The temperament was the problem - Beethoven wrote it for a particular temperament in mind, which is even more impressive since it was in his head and he couldn't actually hear it.

critics of even-tempered scales say that basically nothing sounds "right" in them, and mathematically they are correct. i've been wondering if anybody's experimented with programming a keyboard to automatically modulate its temperament as the music modulates through keys and chords...

Date: 2007-02-07 04:35 pm (UTC)
From: [identity profile] javasaurus.livejournal.com
Thank you again for the response. I'll need time to digest all of this -- certainly some parts of it spark memories, and others curiosity.

Side note: My theory teacher in high school seemed to enjoy augmented 4ths -- painful in the execution, but the resolution can be sublime. What's the best part of hitting your thumb repeatedly with a hammer? Stopping.

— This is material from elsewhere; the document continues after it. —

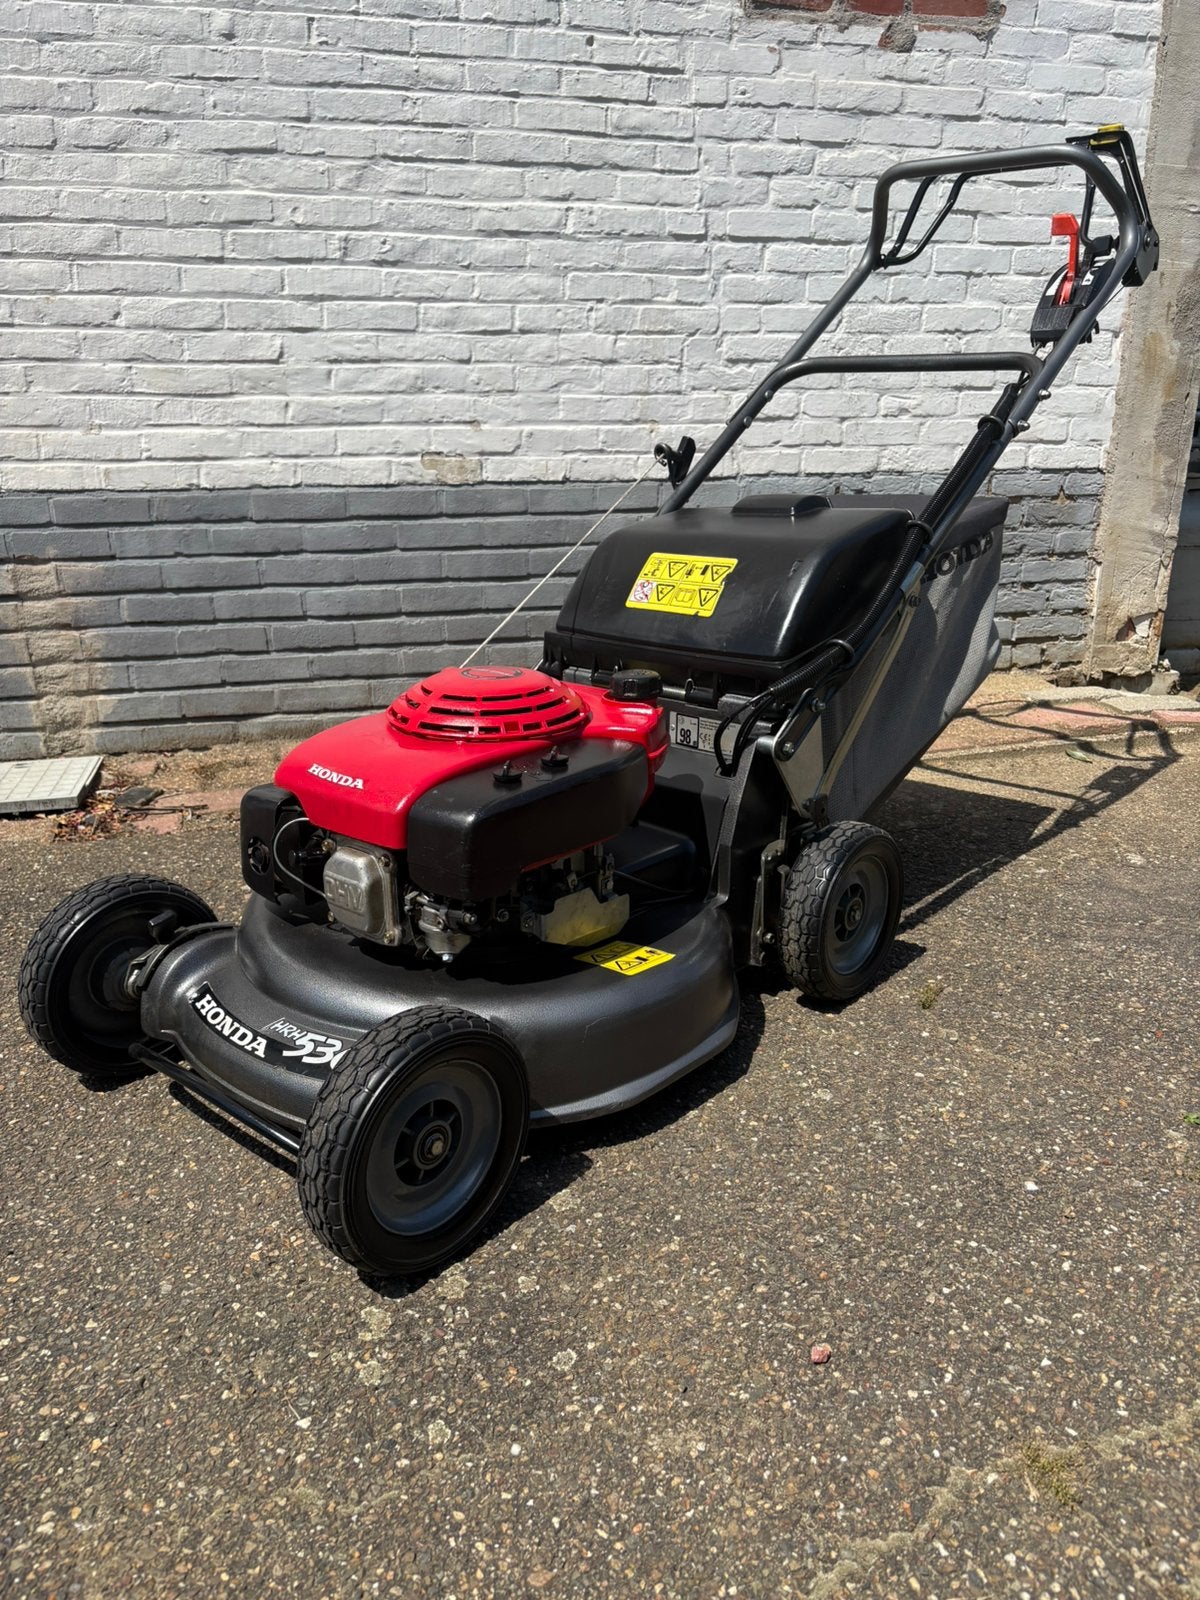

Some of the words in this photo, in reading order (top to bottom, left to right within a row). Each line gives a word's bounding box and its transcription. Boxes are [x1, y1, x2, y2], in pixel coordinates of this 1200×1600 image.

[679, 728, 692, 744] 98
[307, 763, 364, 790] HONDA
[195, 993, 269, 1059] HONDA

Date: 2007-02-07 06:27 pm (UTC)
From: [identity profile] acroyear70.livejournal.com
The tritone is not inherently "ugly", *if* done the right way.

Bach had a fugue that climbed the tritone scale, a fugue that was incorporated into the final 3 notes of the tone-row for Berg's Violin Concerto.

Debussy's Prelude to the Afternoon of a Faun is *filled* with tritone-based harmonies and inferences.

One of the composers tricks is that *inference* - that you don't necessarilly have the augmented 4th chord directly, but you imply it by leading to it or away from it.

This was an extension of the inferences that Wagner was doing (that were pissing Brahms's fans off mightily). The opening 4 bars of Tristan encircles the diminished 7th chord (the four notes appear the most often), yet that diminished 7th chord doesn't actually appear intact at any single instant of time in the entire piece. A whole work, 12 minutes long, all *implying* harmony based on a chord that never actually happens.

So too, the tritone in much of Debussy.

Stravinsky, on the other hand, just went for it.